PROBLEM DESCRIPTION
Give back the full listing verbatim, apart from its images.

>>

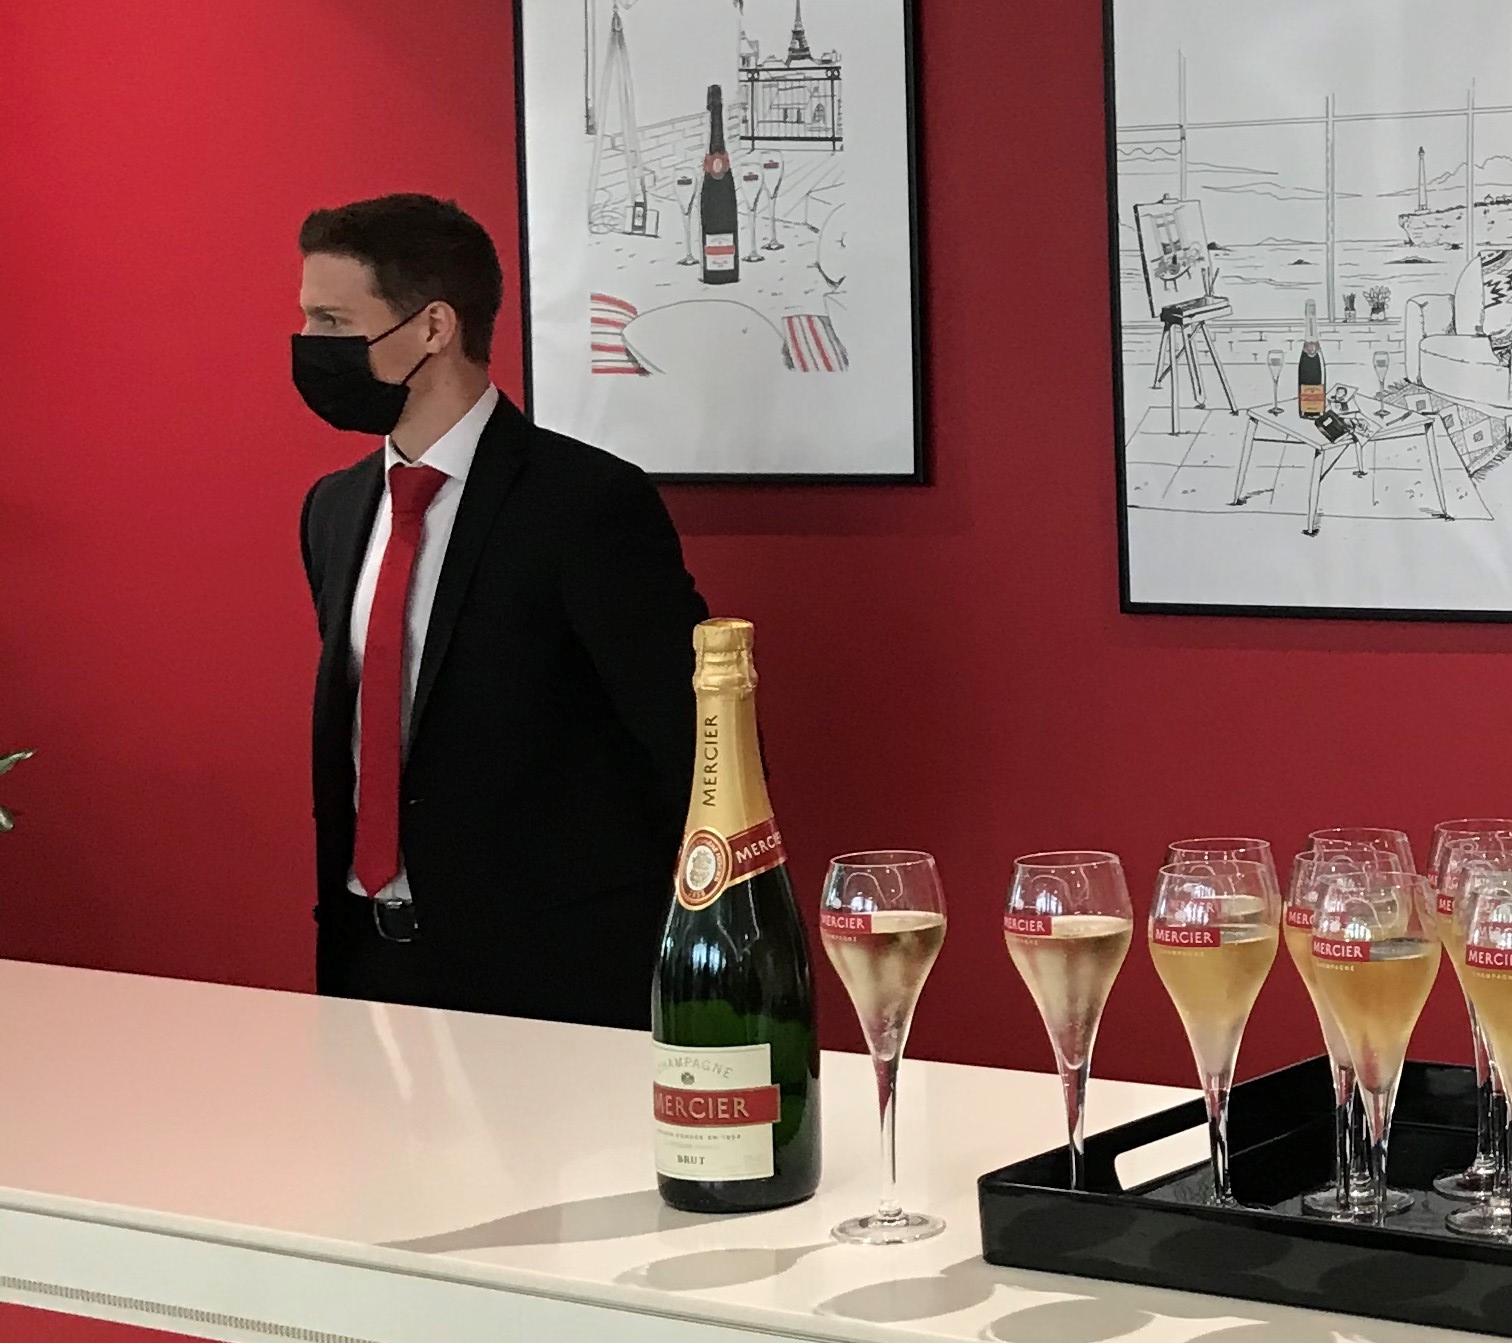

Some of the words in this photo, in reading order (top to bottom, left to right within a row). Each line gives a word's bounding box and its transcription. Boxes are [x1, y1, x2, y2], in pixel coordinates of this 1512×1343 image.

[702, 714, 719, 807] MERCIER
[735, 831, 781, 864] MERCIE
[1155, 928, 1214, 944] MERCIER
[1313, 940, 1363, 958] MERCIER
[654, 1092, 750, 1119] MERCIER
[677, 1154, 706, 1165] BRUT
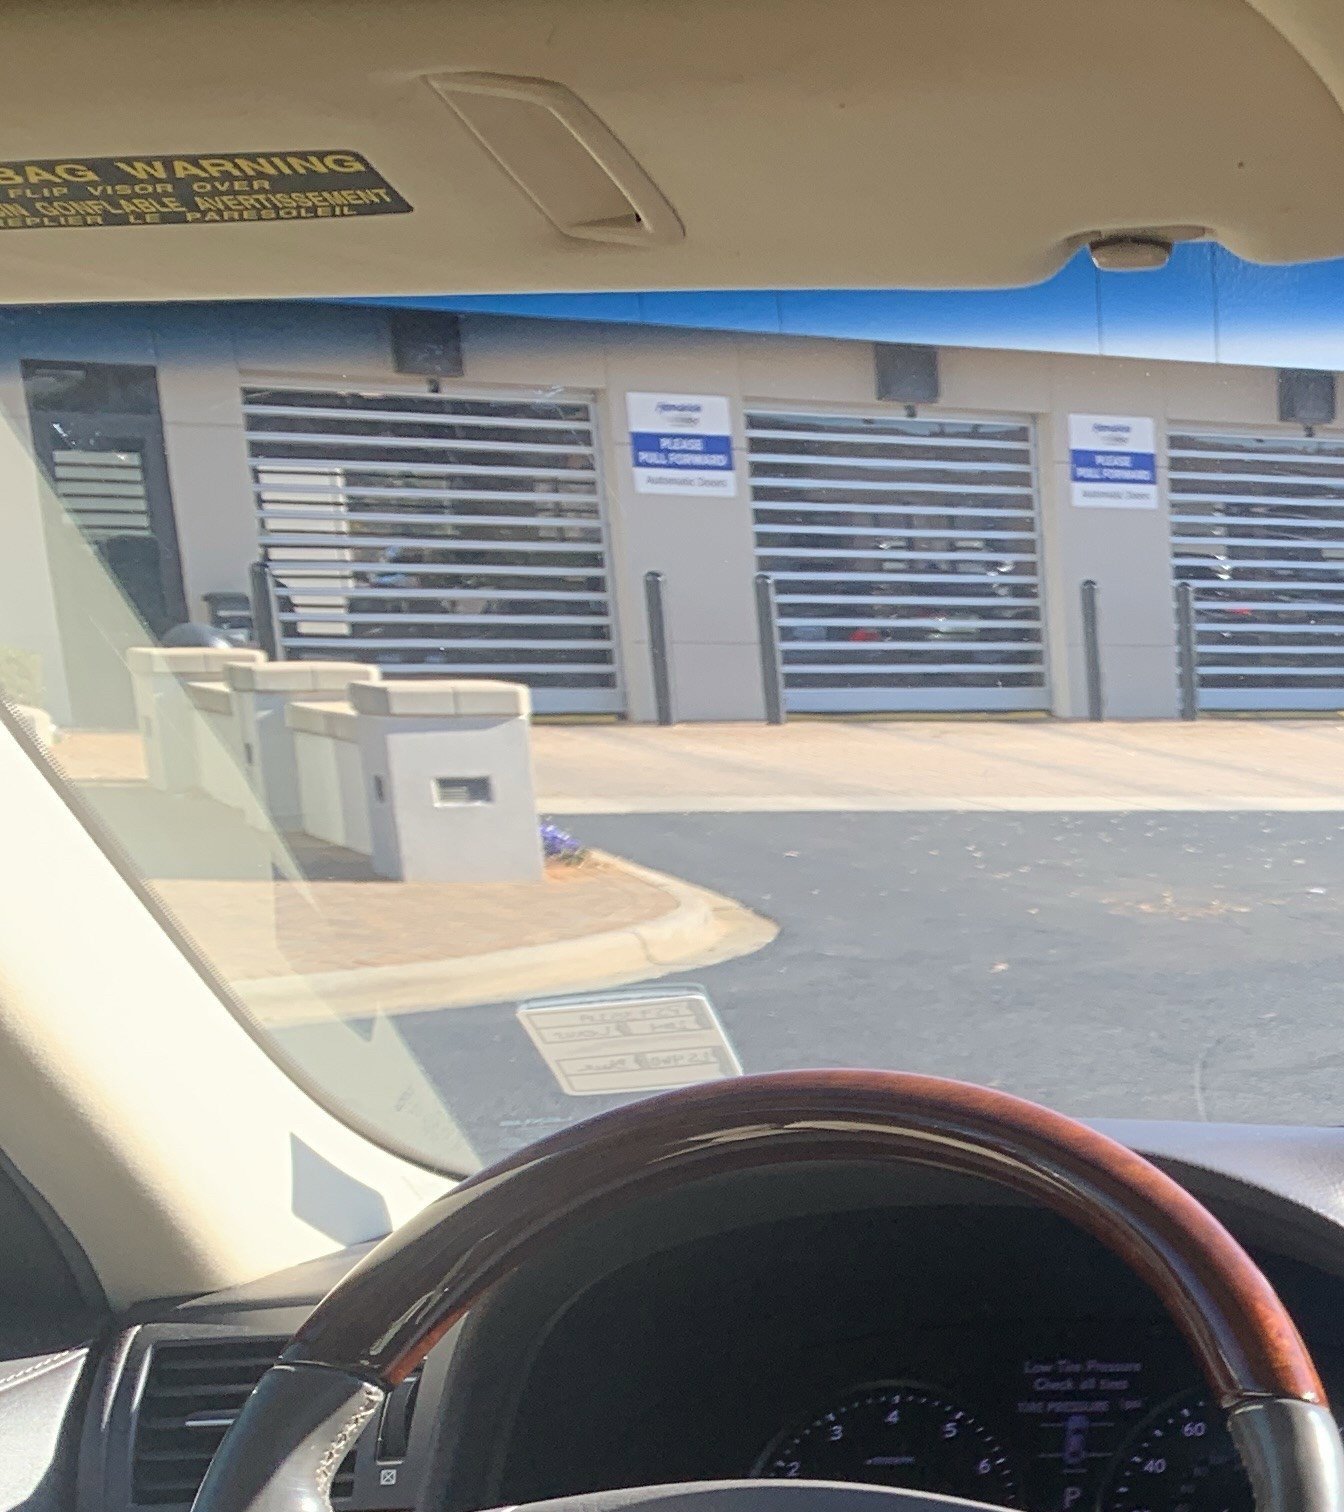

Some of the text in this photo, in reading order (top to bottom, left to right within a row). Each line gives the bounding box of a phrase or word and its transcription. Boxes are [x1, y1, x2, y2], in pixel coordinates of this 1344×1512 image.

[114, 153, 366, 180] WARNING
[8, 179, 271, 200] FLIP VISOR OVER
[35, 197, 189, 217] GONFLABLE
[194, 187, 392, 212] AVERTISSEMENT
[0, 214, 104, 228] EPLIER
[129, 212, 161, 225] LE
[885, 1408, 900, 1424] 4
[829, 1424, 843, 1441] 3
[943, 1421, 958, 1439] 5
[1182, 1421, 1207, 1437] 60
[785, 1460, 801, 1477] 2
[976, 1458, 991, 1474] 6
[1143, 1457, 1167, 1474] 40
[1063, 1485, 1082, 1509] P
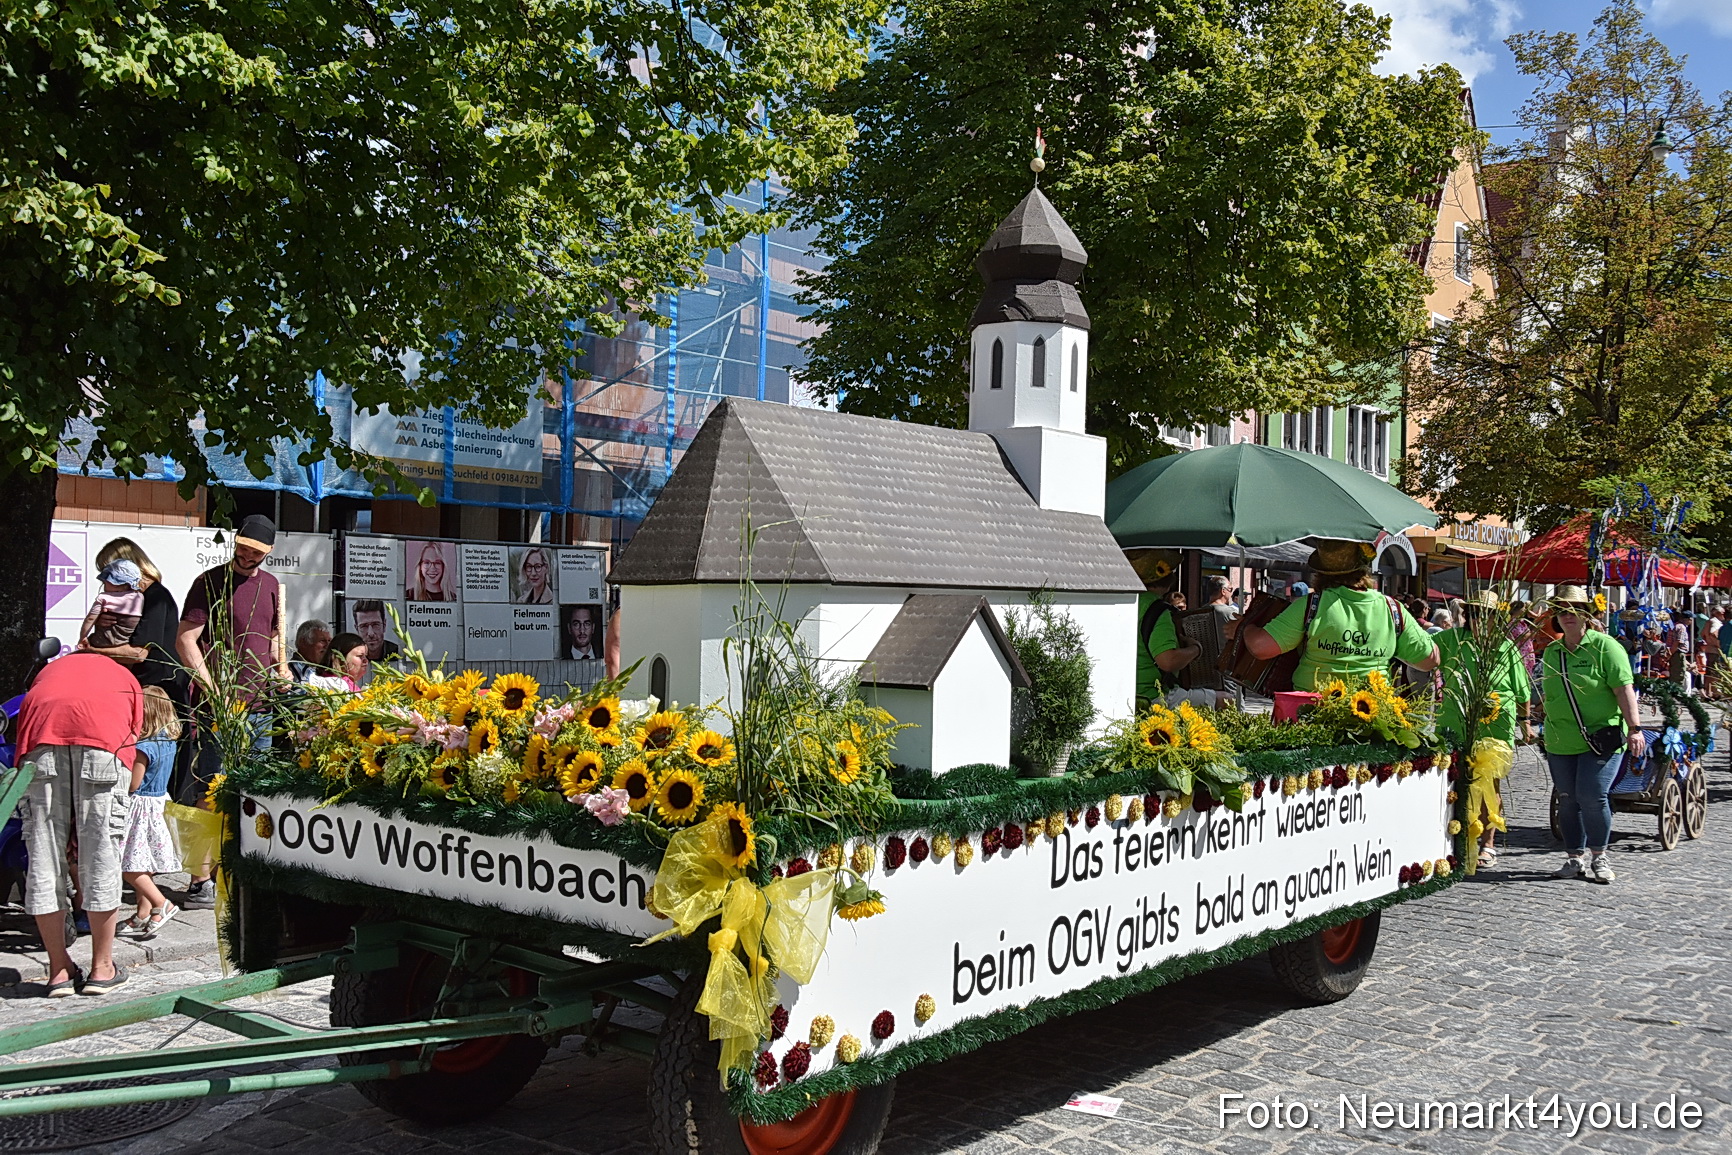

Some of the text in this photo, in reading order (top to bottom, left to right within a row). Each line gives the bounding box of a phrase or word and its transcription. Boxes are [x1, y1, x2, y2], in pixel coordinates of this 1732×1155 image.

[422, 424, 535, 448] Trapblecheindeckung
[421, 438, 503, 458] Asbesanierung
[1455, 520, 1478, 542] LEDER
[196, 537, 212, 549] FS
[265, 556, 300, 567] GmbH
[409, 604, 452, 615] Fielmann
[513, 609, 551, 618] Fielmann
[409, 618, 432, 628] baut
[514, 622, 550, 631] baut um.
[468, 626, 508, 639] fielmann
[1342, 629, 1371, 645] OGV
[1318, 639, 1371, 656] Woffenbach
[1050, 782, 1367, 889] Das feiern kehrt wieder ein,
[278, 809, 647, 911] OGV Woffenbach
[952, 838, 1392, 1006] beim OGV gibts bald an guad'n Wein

<<

REPLY TO THE EXERCISE
Some of the words in this photo, in reading order (top to bottom, left to right within a row). Each line gives a word's bounding box and its transcription. Boxes are [x1, y1, x2, y2], in pixel coordinates of this 1512×1343 image.

[702, 714, 719, 807] MERCIER
[735, 831, 781, 864] MERCIE
[1155, 928, 1214, 944] MERCIER
[1313, 940, 1363, 958] MERCIER
[654, 1092, 750, 1119] MERCIER
[677, 1154, 706, 1165] BRUT

Some of the text in this photo, in reading order (top to bottom, left to right within a row). Each line gives the bounding box of a phrase or word and its transcription. Boxes are [x1, y1, x2, y2], in pixel coordinates of this 1344×1512 image.

[114, 153, 366, 180] WARNING
[8, 179, 271, 200] FLIP VISOR OVER
[35, 197, 189, 217] GONFLABLE
[194, 187, 392, 212] AVERTISSEMENT
[0, 214, 104, 228] EPLIER
[129, 212, 161, 225] LE
[885, 1408, 900, 1424] 4
[829, 1424, 843, 1441] 3
[943, 1421, 958, 1439] 5
[1182, 1421, 1207, 1437] 60
[785, 1460, 801, 1477] 2
[976, 1458, 991, 1474] 6
[1143, 1457, 1167, 1474] 40
[1063, 1485, 1082, 1509] P

Some of the text in this photo, in reading order (top to bottom, left to right within a row). Each line gives the bounding box of a phrase or word and its transcription. Boxes are [x1, y1, x2, y2], in pixel coordinates of this 1732×1155 image.

[422, 424, 535, 448] Trapblecheindeckung
[421, 438, 503, 458] Asbesanierung
[1455, 520, 1478, 542] LEDER
[196, 537, 212, 549] FS
[265, 556, 300, 567] GmbH
[409, 604, 452, 615] Fielmann
[513, 609, 551, 618] Fielmann
[409, 618, 432, 628] baut
[514, 622, 550, 631] baut um.
[468, 626, 508, 639] fielmann
[1342, 629, 1371, 645] OGV
[1318, 639, 1371, 656] Woffenbach
[1050, 782, 1367, 889] Das feiern kehrt wieder ein,
[278, 809, 647, 911] OGV Woffenbach
[952, 838, 1392, 1006] beim OGV gibts bald an guad'n Wein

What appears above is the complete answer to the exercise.